Spatial localization data
◇ ◇ ◇ ◇ ◇ ◇ ◇

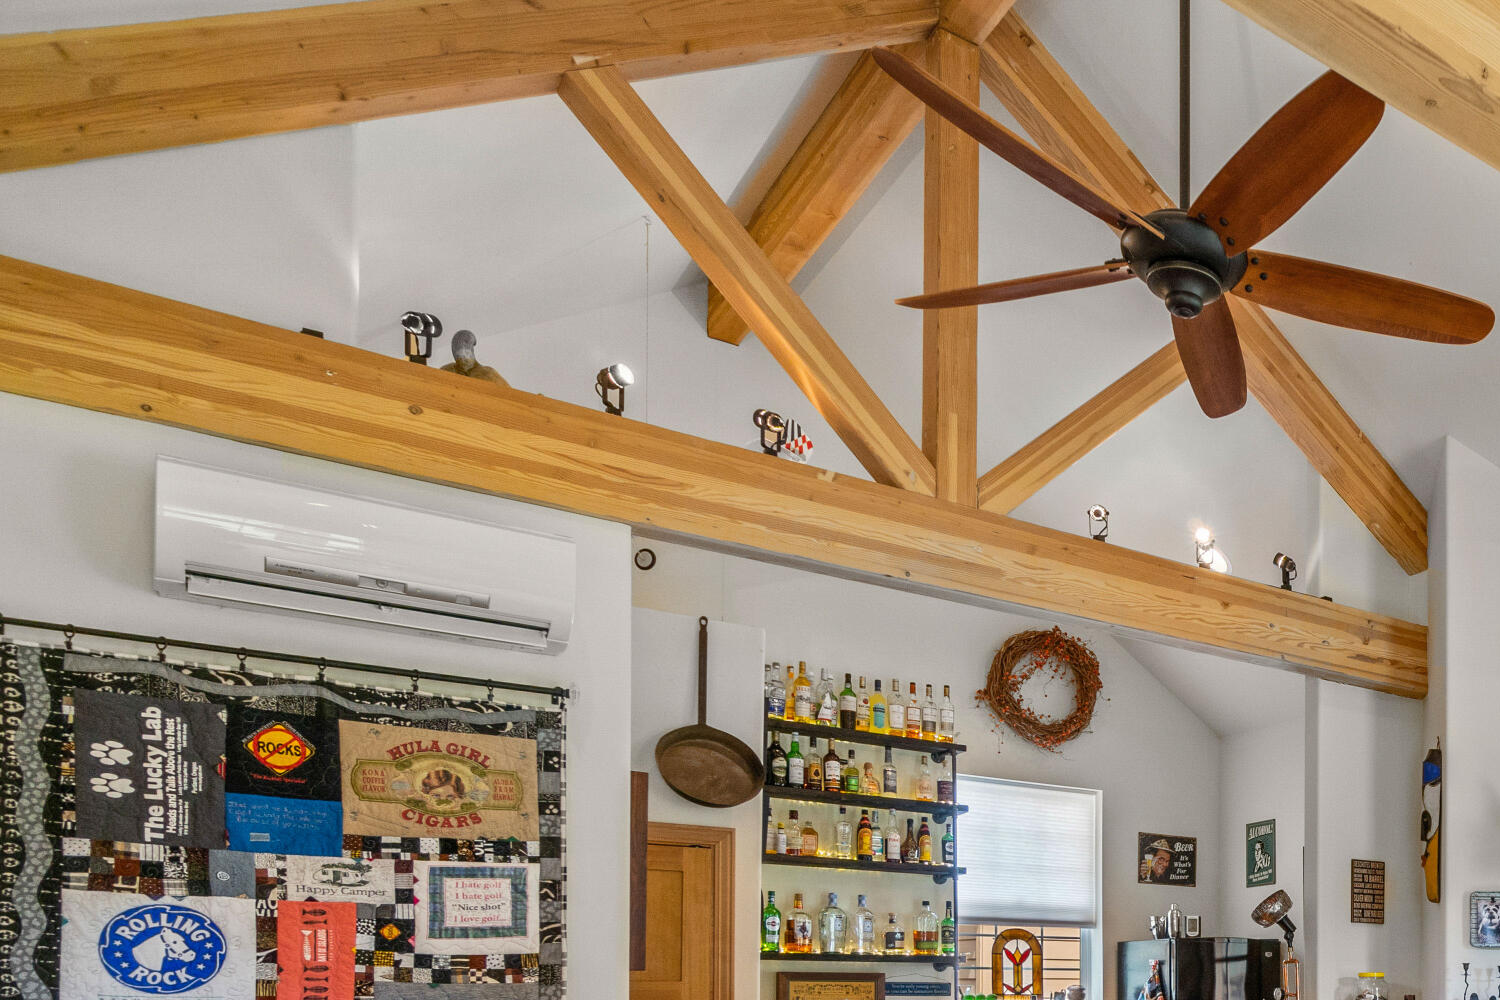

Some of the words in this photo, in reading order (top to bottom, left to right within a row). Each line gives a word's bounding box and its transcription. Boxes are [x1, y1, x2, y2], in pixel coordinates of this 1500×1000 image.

[140, 706, 162, 741] Lab
[164, 718, 175, 735] Rest
[165, 736, 175, 749] the
[256, 741, 302, 757] ROCKS
[165, 750, 175, 775] Above
[386, 740, 443, 760] HULA
[445, 742, 490, 769] GIRL
[142, 745, 167, 800] Lucky
[166, 794, 176, 808] and
[144, 805, 164, 842] The
[166, 809, 177, 834] Heads
[401, 809, 482, 828] CIGARS
[296, 884, 337, 896] Happy
[340, 887, 388, 898] Camper
[115, 913, 211, 942] ROLLING
[128, 966, 195, 985] ROCK

◇ ◇ ◇ ◇ ◇ ◇ ◇

• **What to work on**
Copy the data precisely. Skip every picture.

• **Solution to the problem**
Some of the words in this photo, in reading order (top to bottom, left to right within a row). Each line gives a word's bounding box and its transcription. Boxes are [x1, y1, x2, y2], in pixel coordinates of this 1500×1000 image.

[140, 706, 162, 741] Lab
[164, 718, 175, 735] Rest
[165, 736, 175, 749] the
[256, 741, 302, 757] ROCKS
[165, 750, 175, 775] Above
[386, 740, 443, 760] HULA
[445, 742, 490, 769] GIRL
[142, 745, 167, 800] Lucky
[166, 794, 176, 808] and
[144, 805, 164, 842] The
[166, 809, 177, 834] Heads
[401, 809, 482, 828] CIGARS
[296, 884, 337, 896] Happy
[340, 887, 388, 898] Camper
[115, 913, 211, 942] ROLLING
[128, 966, 195, 985] ROCK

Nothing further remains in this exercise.